Cairo International Airport is simple but clean & has free wifi! Take note Heathrow, which does not and instead charges you for a wifi service that packed in on you less than five minutes after you've paid for it. The process of leaving the airport is pretty straightforward but before you clear customs you purchase your visa at a cost of USD$15 to receive a visa stamp before queuing to be processed. Despite the fact I landed as a bunch of other flights did the process was pretty quick for a Country that I've been told runs at a much slower pace than one might be used to.

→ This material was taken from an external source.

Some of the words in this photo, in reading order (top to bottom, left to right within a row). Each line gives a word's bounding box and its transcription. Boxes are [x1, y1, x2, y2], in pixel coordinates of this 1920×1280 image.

Whilst almost every second car in Egypt is a taxi I did not want a repeat of Mexico and so pre-booked mine via my hotel. Akhem, a rather jovial Egyptian greeted me as I walked into the arrivals area and whisked me away from all the touts who are all over you like a rash pretty much instantly. Yet despite the scams, hassles & hustlers, Egyptians take hospitality seriously and you soon learn to distinguish between the genuine and the "Hello sucker" types. Akhem was a joy to chat with as he drove his Peugeot 504 like he was racing Formula 1. Before I knew it we had weaved our way through the mayhem of Cairo and I was at my hotel.

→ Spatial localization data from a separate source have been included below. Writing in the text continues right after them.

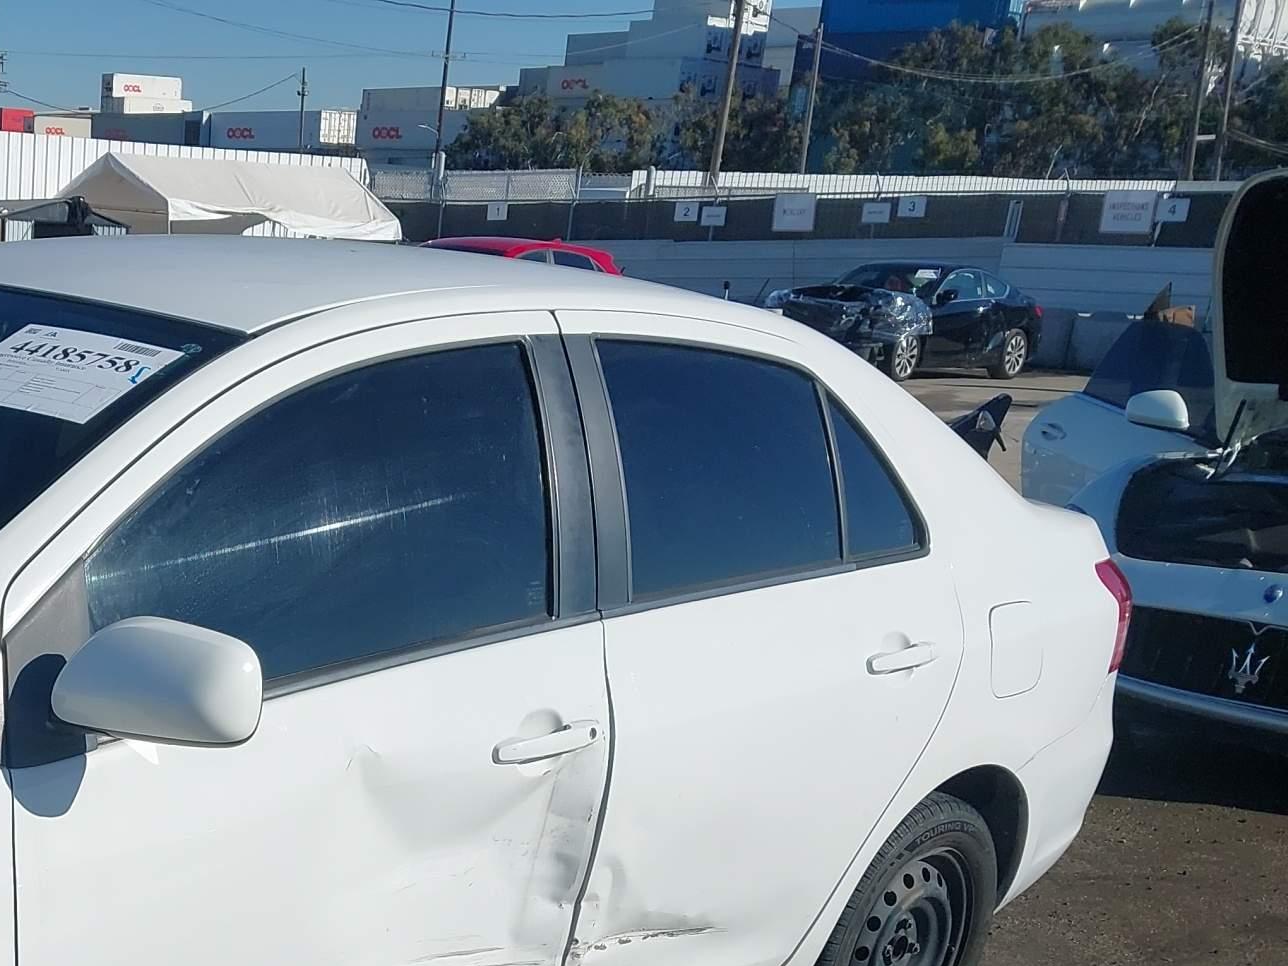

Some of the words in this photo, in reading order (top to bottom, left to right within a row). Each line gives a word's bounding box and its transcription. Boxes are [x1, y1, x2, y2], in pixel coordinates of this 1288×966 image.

[123, 84, 142, 93] OOCL
[44, 126, 65, 135] OOCL
[226, 127, 255, 139] OOCL
[372, 126, 403, 139] OOCL
[682, 207, 691, 217] 2
[908, 200, 916, 212] 3
[1167, 203, 1177, 216] 4
[10, 340, 140, 373] 44185758
[915, 821, 961, 845] TOURING

Approximately 22 million people live in Cairo. Yes... 22 million. Only 34 million people live in Canada!!! As dusk arrived the city sprang to life as everyone and their mother came out to feast & get festive. What a great time to wander the streets and absorb the sights, sounds and smells. The crowds are like nothing I've ever seen before in my life. You basically weave your way in amongst everyone else weaving their way in amongst everyone weaving their way amongst... You get the picture. And when it comes to crossing the street you basically are playing chicken dare and your life WILL flash before your eyes.
Interestingly at Midan Tahrir, there were lots of police with riot shields. The mood however wasn't one that I felt required me to do a quick about turn. There was a peaceful demonstration occurring and relations between protesters and police was relaxed. I am lead to believe it was some form of protest against Murabak, who is currently standing trial for the deaths of peaceful protesters during the 2011 Egyptian Revolution. It has been an interesting year for Egypt politically and will no doubt continue to be so whilst the trial continues.

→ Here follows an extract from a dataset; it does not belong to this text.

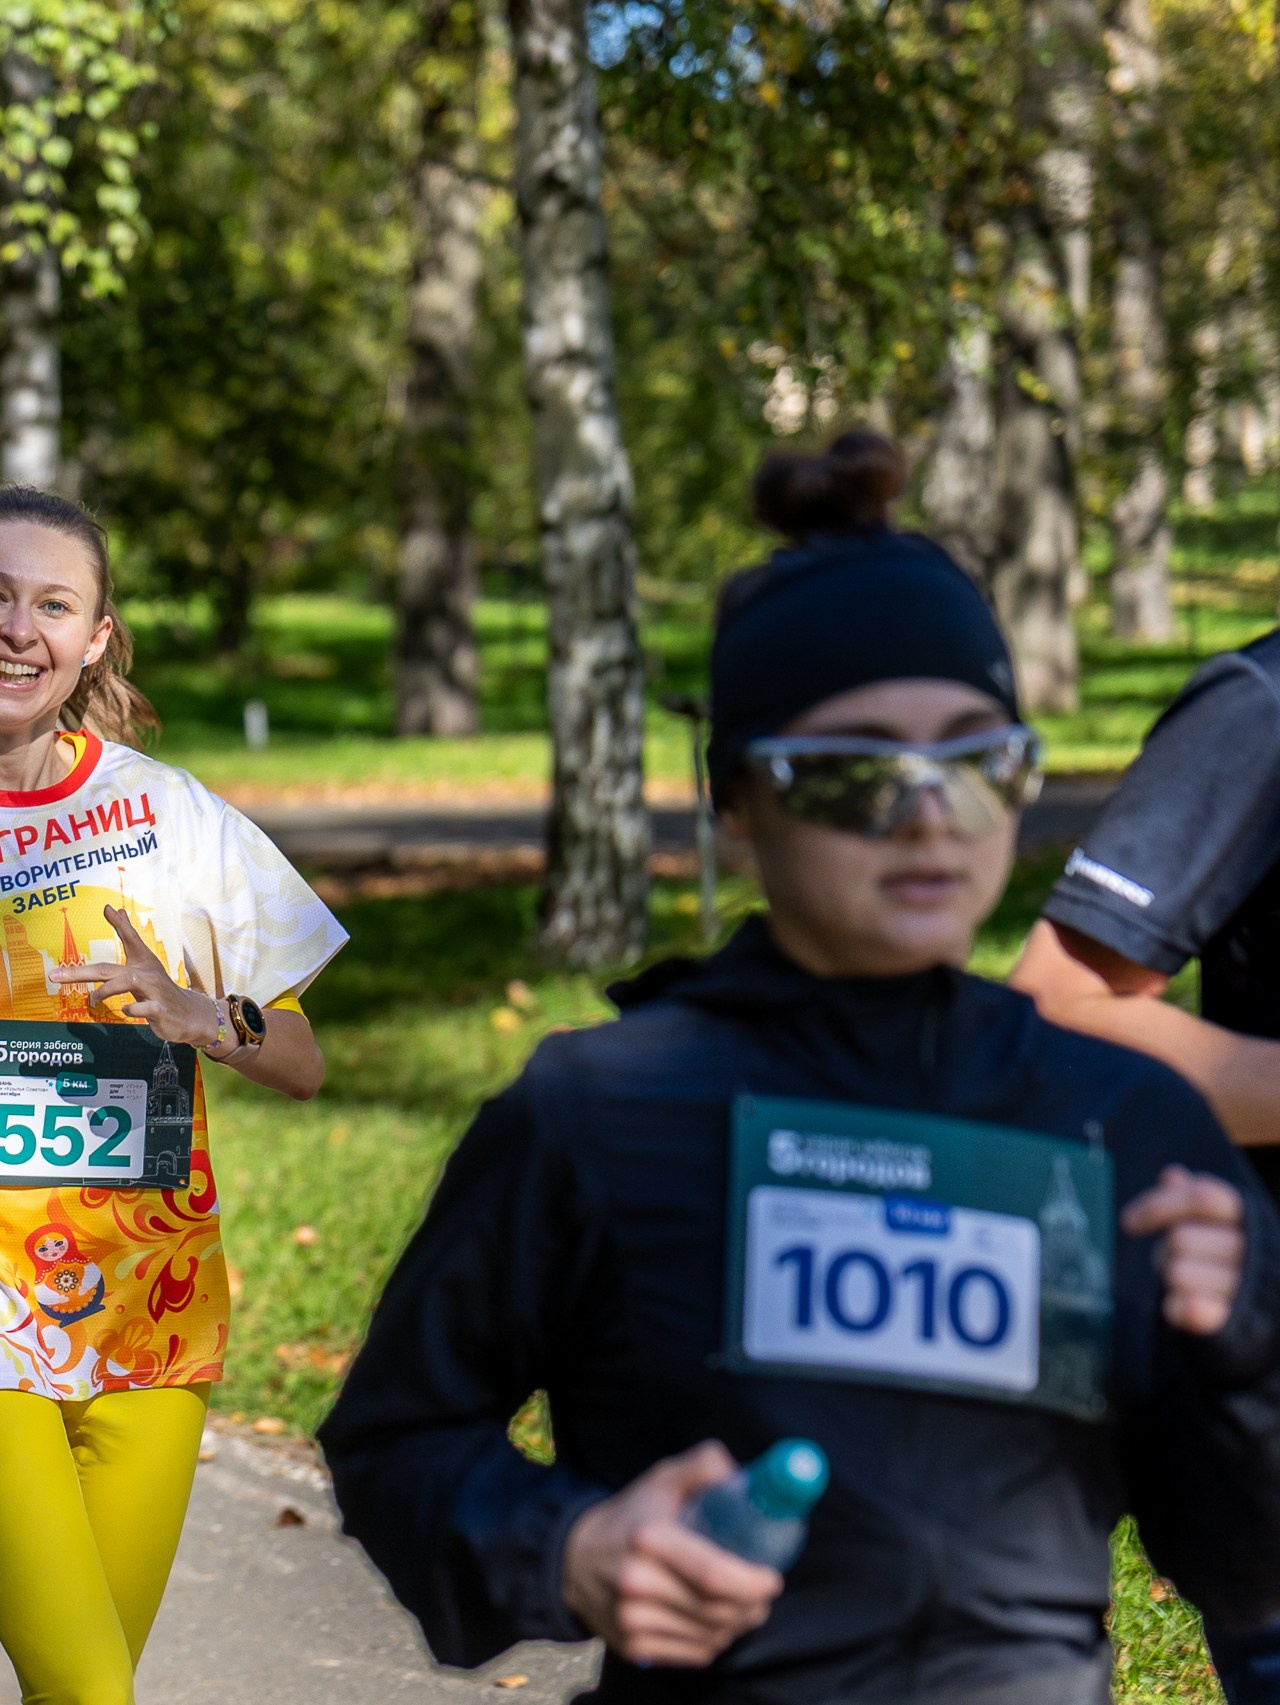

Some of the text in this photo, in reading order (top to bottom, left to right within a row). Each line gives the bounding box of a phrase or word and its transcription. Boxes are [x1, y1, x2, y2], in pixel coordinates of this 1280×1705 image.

In 3 wonderful hours I was hounded by papyrus sellers, hissed at (I was beginning to
wonder if I was in a city of snakes!), followed by several people at different times trying to become my best friend (this will be one of the "hello sucker" types of hospitality), taken into a scent emporium where I smelt the essences of lotus, papyrus and musk, drank tea with the locals, witnessed the 5th & final prayer of the day and bartered for a headscarf so that I could be respectful & cover my head when I went to look at the Mosques.
And the highlight of the evening? I got about as authentically Egyptian as one can get and partook in the tradition that is the sheesha. I opted for the tobacco and molasses mix that was soaked in apple juice (tufah). A decorated bulbous water-filled glass pipe was brought to my table with hot coals and I was told to enjoy. As I drew back the gloriously fragrant smoke that is filtered through the water, I tried to ignore the fact that I had read that the large volumes of smoke being inhaled into your lungs over the period of an hour equals the amount of tar as smoking about a packet of cigarettes. It was definitely worth temporarily breaking my usual healthy lifestyle for.
Interestingly when asked how long I had been in Cairo I was met with a reply of "and you're still smiling?" I suspect though that as long as you embrace the good, the bad & the ugly of this City there is no reason why that smile ever has to leave your face. Welcome to Cairo!